Amelia was such a standout heroine because her intelligence actually mattered to the story. She wasn’t just “the smart girl” for aesthetic purposes. Her being a statistics professor and card-counting genius actively shaped the tension, the suspense, and the way she survived every impossible situation thrown at her. Even when she was terrified or completely overwhelmed, she never felt helpless. She kept thinking, adapting, fighting, and honestly? I loved the hell out of her for it. And the fact that she admits she’s never truly been attracted to anyone before? Never had a crush, never found someone worth the distraction? That made her connection with Judah hit even harder for me because once she chose him, she CHOSE him completely.

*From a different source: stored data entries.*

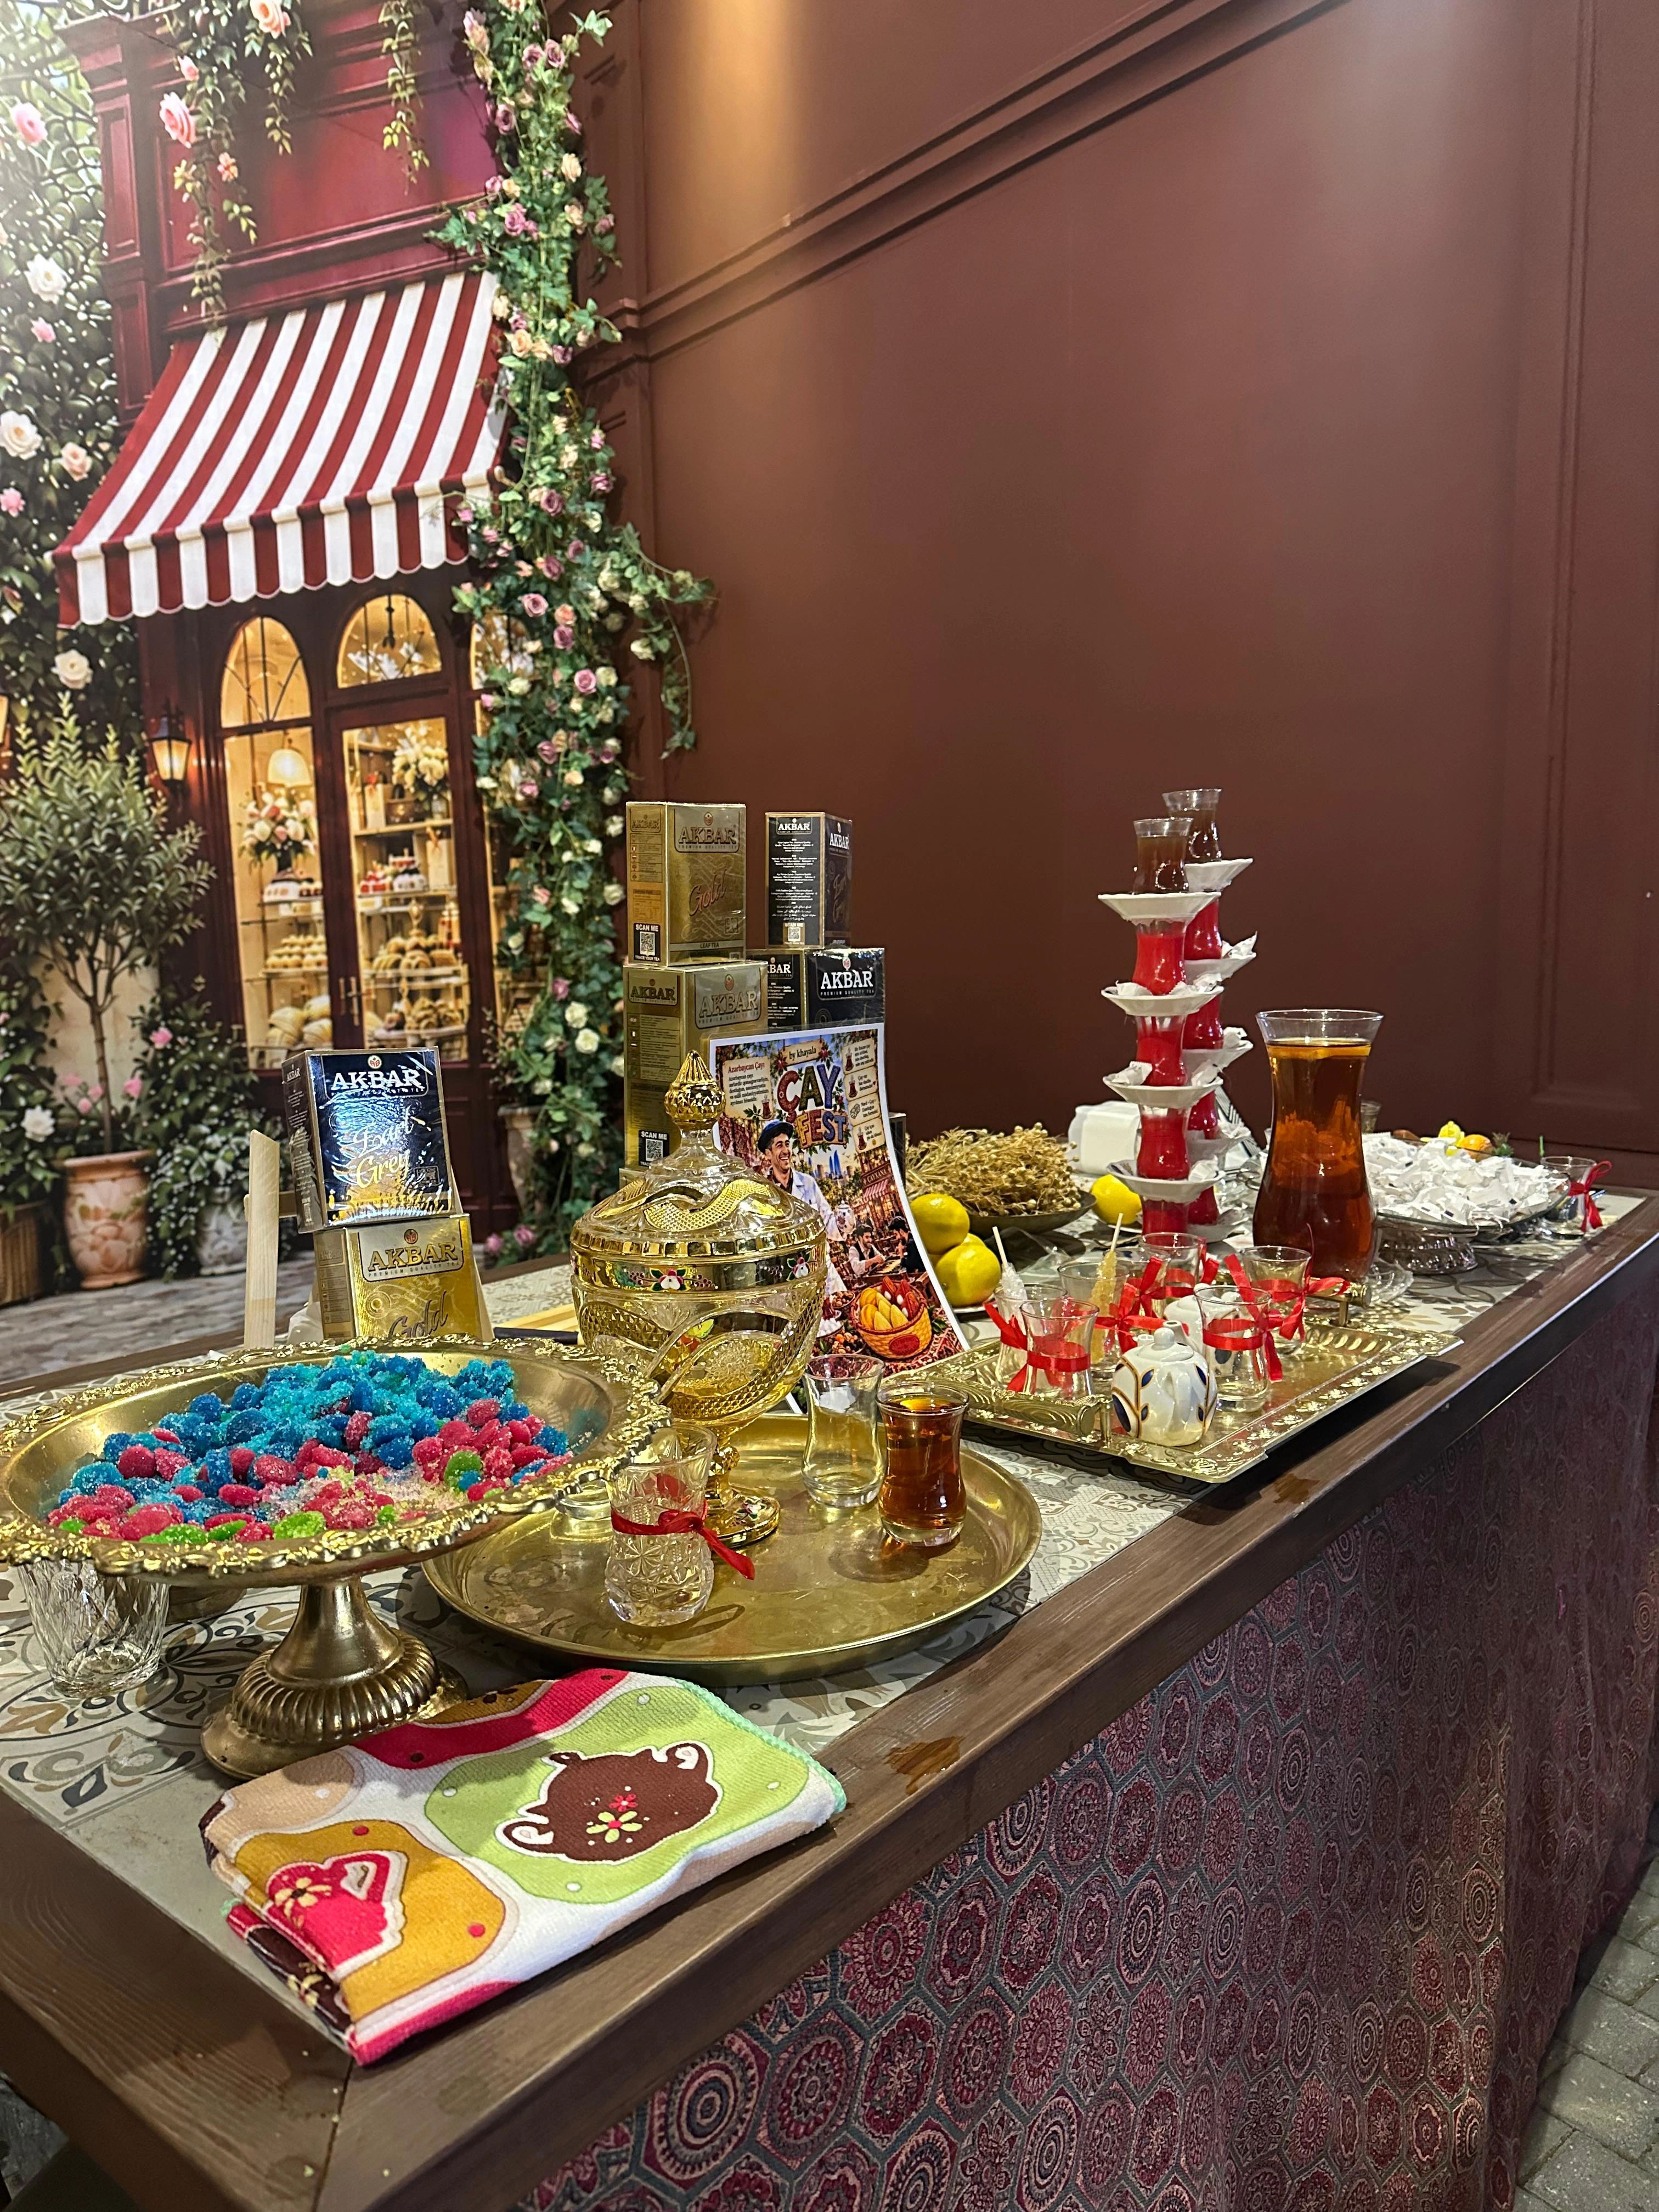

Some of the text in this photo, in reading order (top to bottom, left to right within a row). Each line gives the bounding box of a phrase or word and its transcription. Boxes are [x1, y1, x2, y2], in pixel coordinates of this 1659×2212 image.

[679, 827, 738, 844] AKBAR
[830, 833, 849, 850] AKBAR
[689, 869, 727, 916] Gold
[820, 971, 873, 989] AKBAR
[630, 986, 676, 1001] AKBAR
[699, 991, 758, 1019] AKBAR
[789, 1046, 817, 1060] by khayala
[331, 1069, 426, 1090] AKBAR
[777, 1064, 841, 1124] ÇAY
[353, 1105, 414, 1158] Earl
[641, 1131, 657, 1139] SCAN
[796, 1109, 847, 1146] FEST
[357, 1149, 410, 1188] Grey
[368, 1242, 459, 1272] AKBAR
[368, 1268, 404, 1278] PREMIUM
[409, 1263, 442, 1272] QUALITY
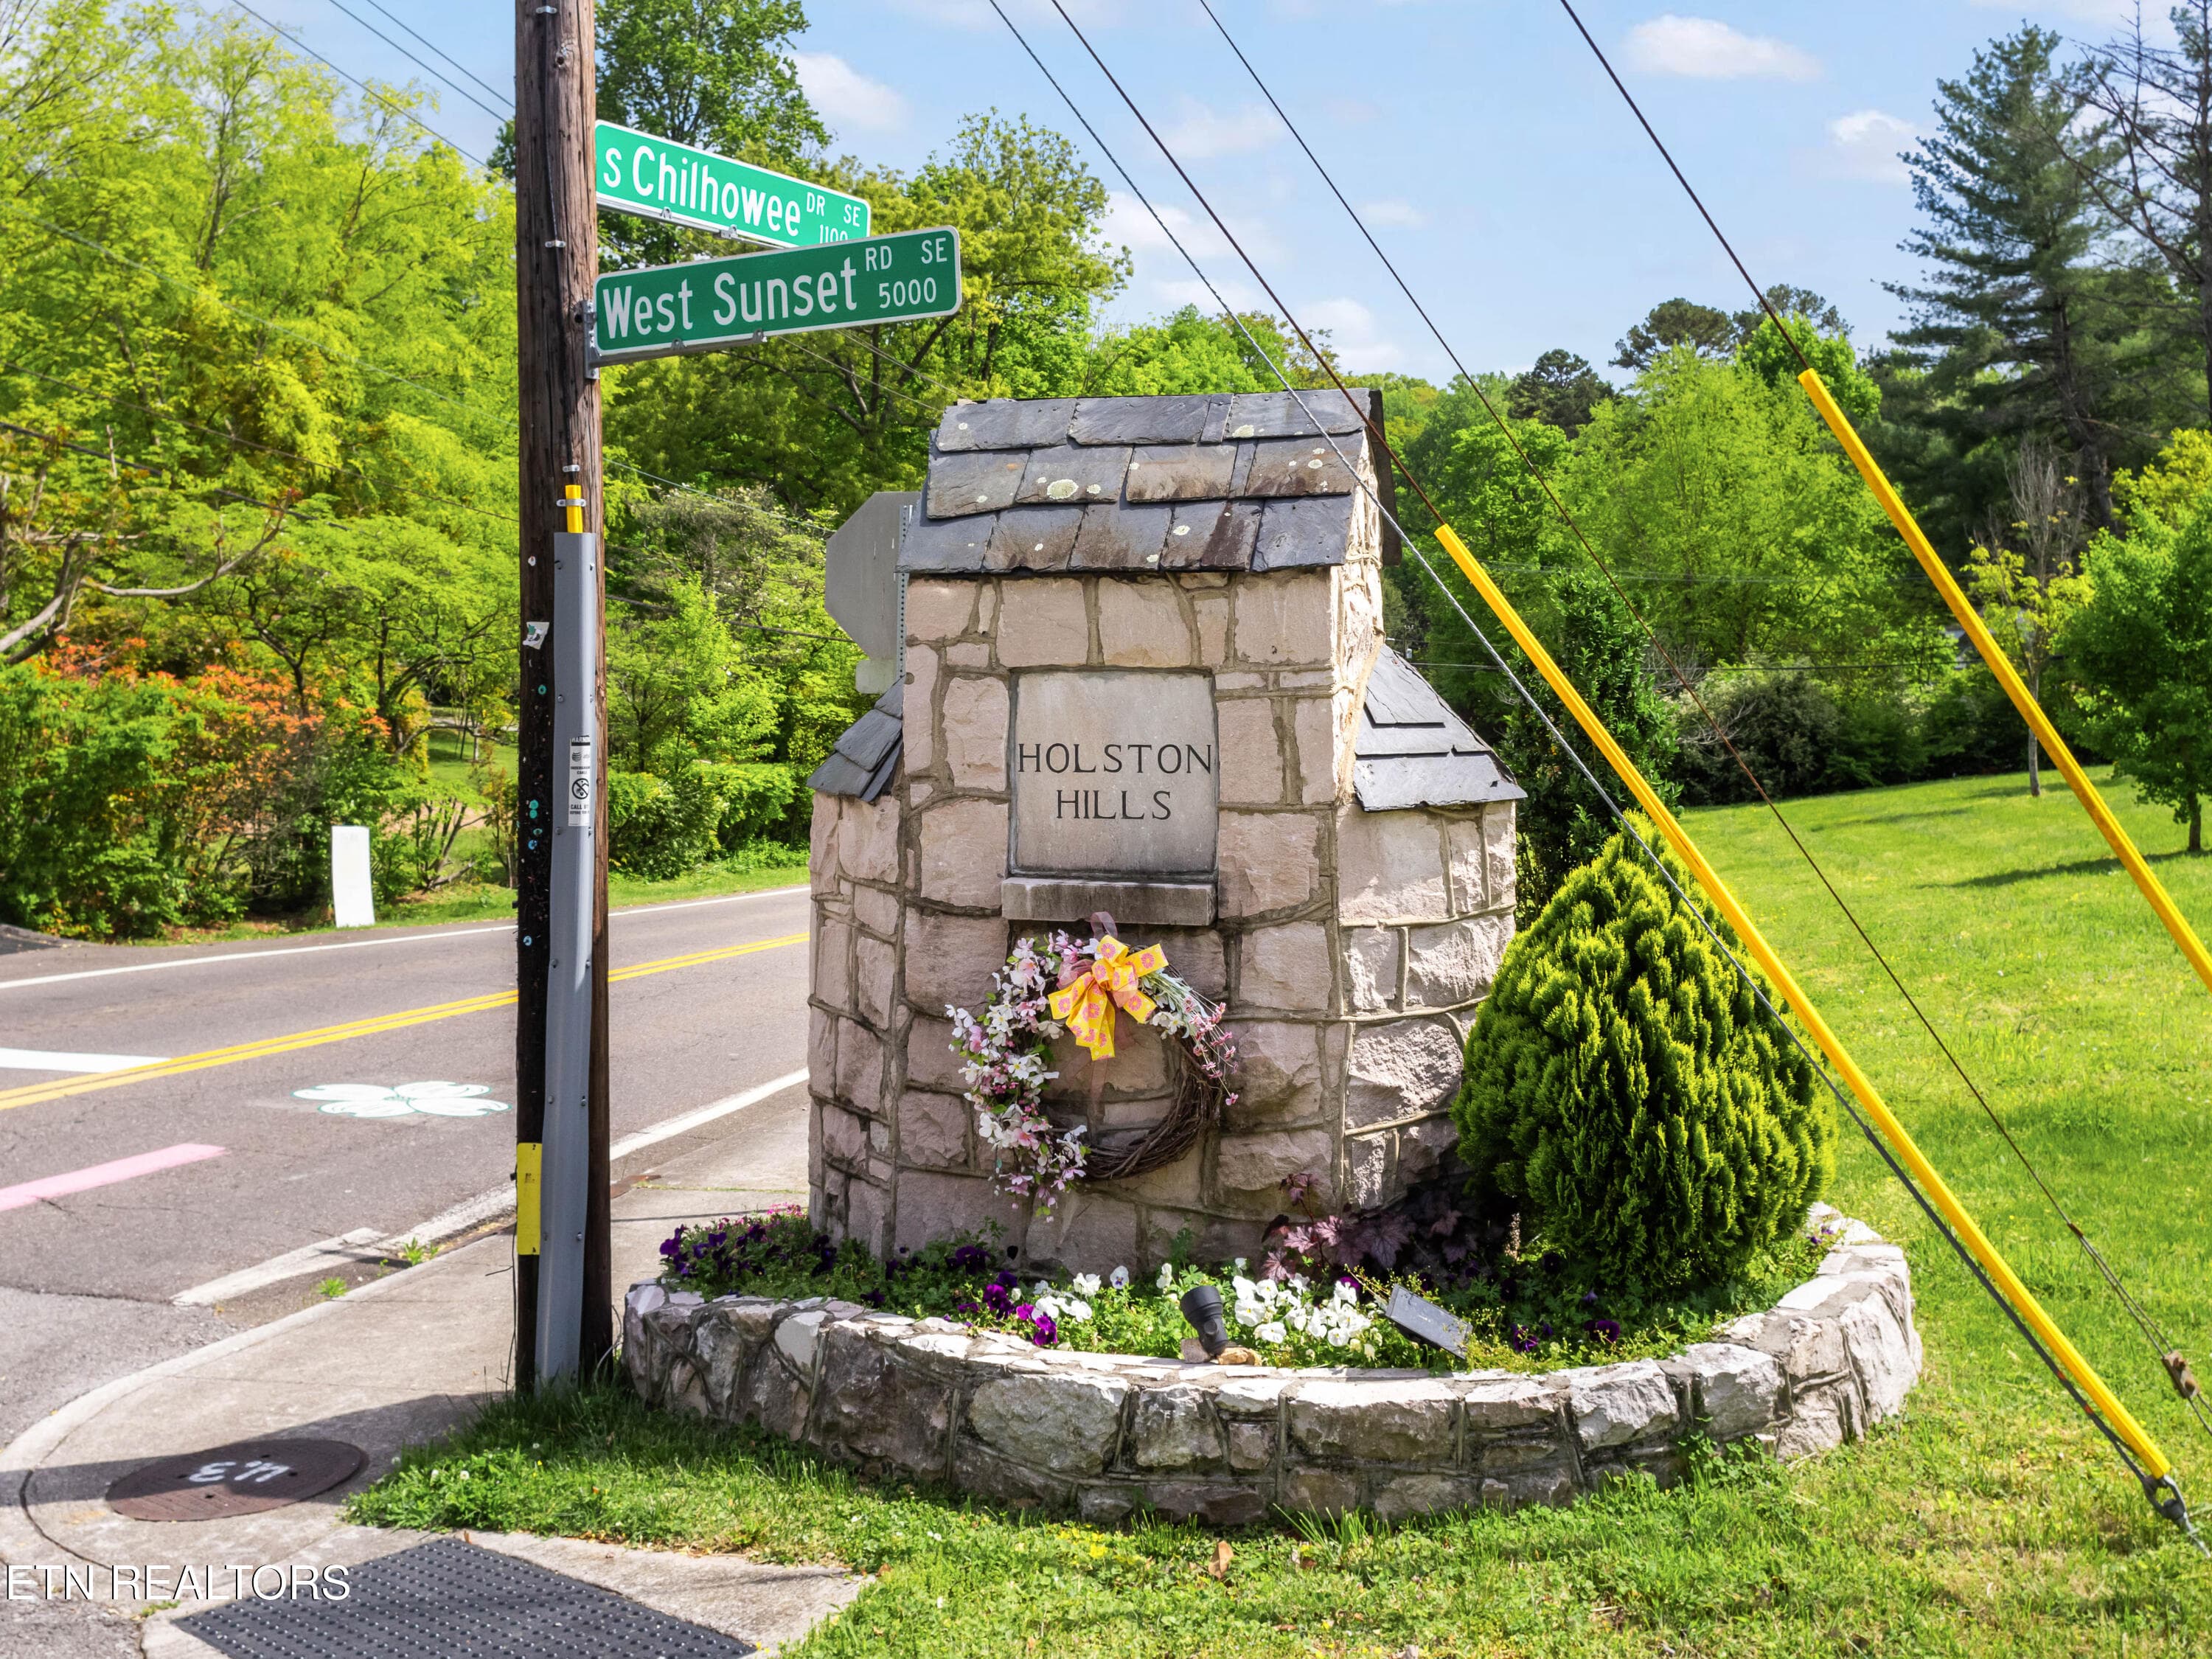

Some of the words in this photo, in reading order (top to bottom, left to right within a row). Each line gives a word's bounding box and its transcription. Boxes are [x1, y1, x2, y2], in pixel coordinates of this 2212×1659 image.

[603, 147, 623, 188] S
[632, 145, 801, 237] Chilhowee
[806, 192, 826, 217] DR
[843, 204, 862, 228] SE
[602, 277, 694, 339] West
[712, 256, 858, 326] Sunset
[865, 245, 893, 272] RD
[920, 237, 948, 264] SE
[879, 276, 937, 309] 5000
[1018, 742, 1212, 774] HOLSTON
[1056, 789, 1172, 821] HILLS
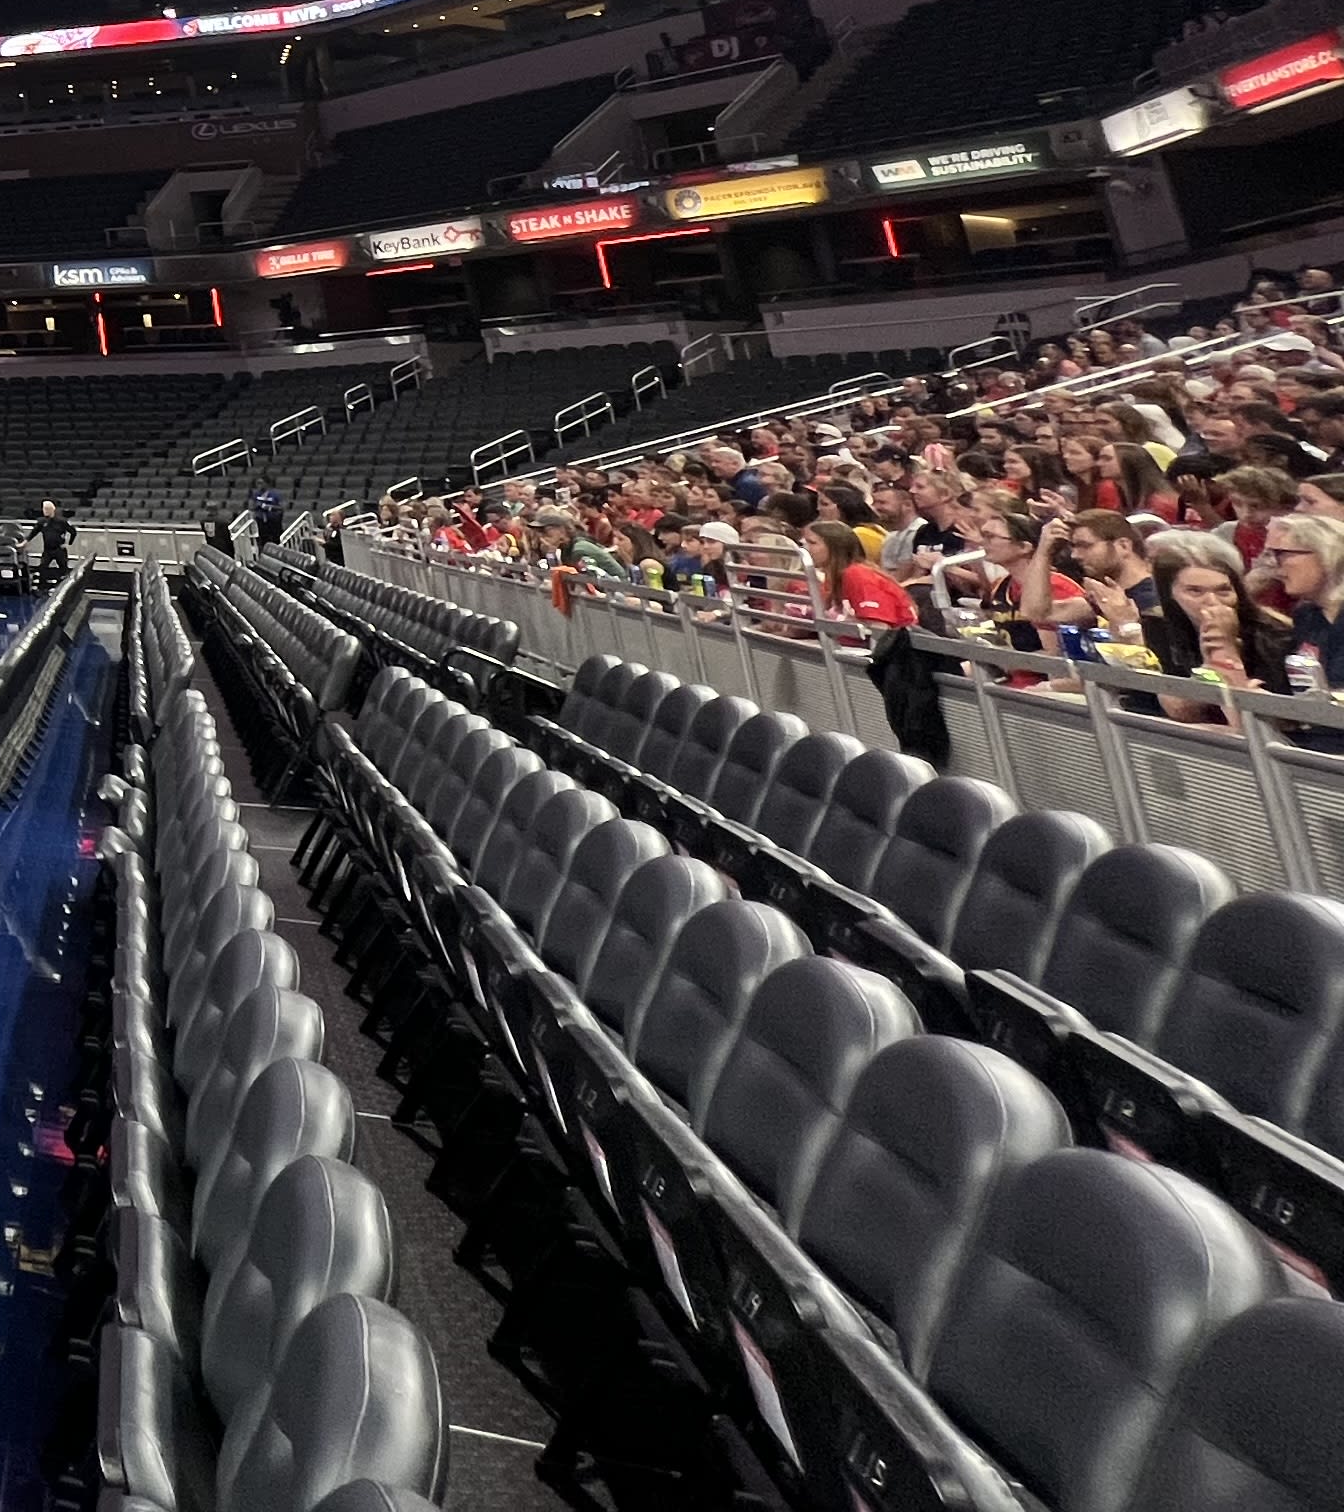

I had to stay away from the man who saw me better than anyone ever had.

And Judah Greear… this man felt like the human equivalent of a warning label wrapped in ink, guilt, and unresolved trauma.

The internal conflict happening inside this man’s head at all times was unreal. One minute he’s reminding himself Amelia is “just a job,” trying to keep her at arm’s length, and the next he’s protective, possessive, emotionally compromised, and fully spiraling over everything involving her. Watching him slowly lose the war against his own feelings was honestly one of my favorite parts of the entire book. Beneath all the tattoos, violence, and reputation was this hidden softness that Amelia saw long before he could recognize it in himself.

She was simply…pretty. Like daisies in a meadow full of tall grass. Delicate. Graceful. Sweet. Far too beautiful and pure for the darkness she had found herself in.

What really made this book work for me though was the tension between them because it wasn’t just romantic tension. It was emotional tension too. Every conversation felt loaded with things neither of them were saying out loud. There was this constant push and pull between trust, survival, fear, attraction, vulnerability, and desire that kept me completely locked in from beginning to end. And the chemistry? Absolutely INSANE. The banter, the emotional connection, the protectiveness, the way Jude admired her mind just as much as he wanted her physically… it all felt so layered and real.

“You’ve really never done anything bad, have you?”
She snickered. “I’ve done you.”

And can we PLEASE talk about the title for a second because Maggie was actually sick for this in the best way. I’m such a sucker for title references within a book, especially when they carry multiple meanings, and she absolutely nailed it here. The references to Jude’s hands, blackjack, trust, protection, the symbolism behind it all… SO clever. I ate that up!

The suspense side of this story was equally incredible too. The casino setting felt gritty and fresh, the pacing never slowed down, and every time I thought I knew where the story was heading, Maggie completely pulled the rug out from under me. And THAT twist?! Holy hell. I genuinely did not see it coming. At all.

This felt so different than the majority of the romance books out there right now. Yes, this is absolutely a love story, but it also felt darker, riskier, more emotionally complex, and so incredibly immersive. Between the suspense, the nonstop tension, the emotional depth, and the way Amelia and Judah truly saw each other underneath all their baggage and walls, this book felt like something really special.

“I’m in good hands.” And like she knew I needed to hear it, she tacked on, “Because you’re a good man, Jude Greear.”

Honestly, this book will simultaneously cure and create a reading slump because now I’m sitting here wondering how anything else is supposed to compete with Jude and Amelia. I’m not kidding. Maggie Gates already writes some of my favorite books, but Good Hands genuinely might be one of her best yet. A total masterpiece for me.

Release Date: June 2nd, 2026

Thank you to Maggie Gates and The Author Agency for the ARC read!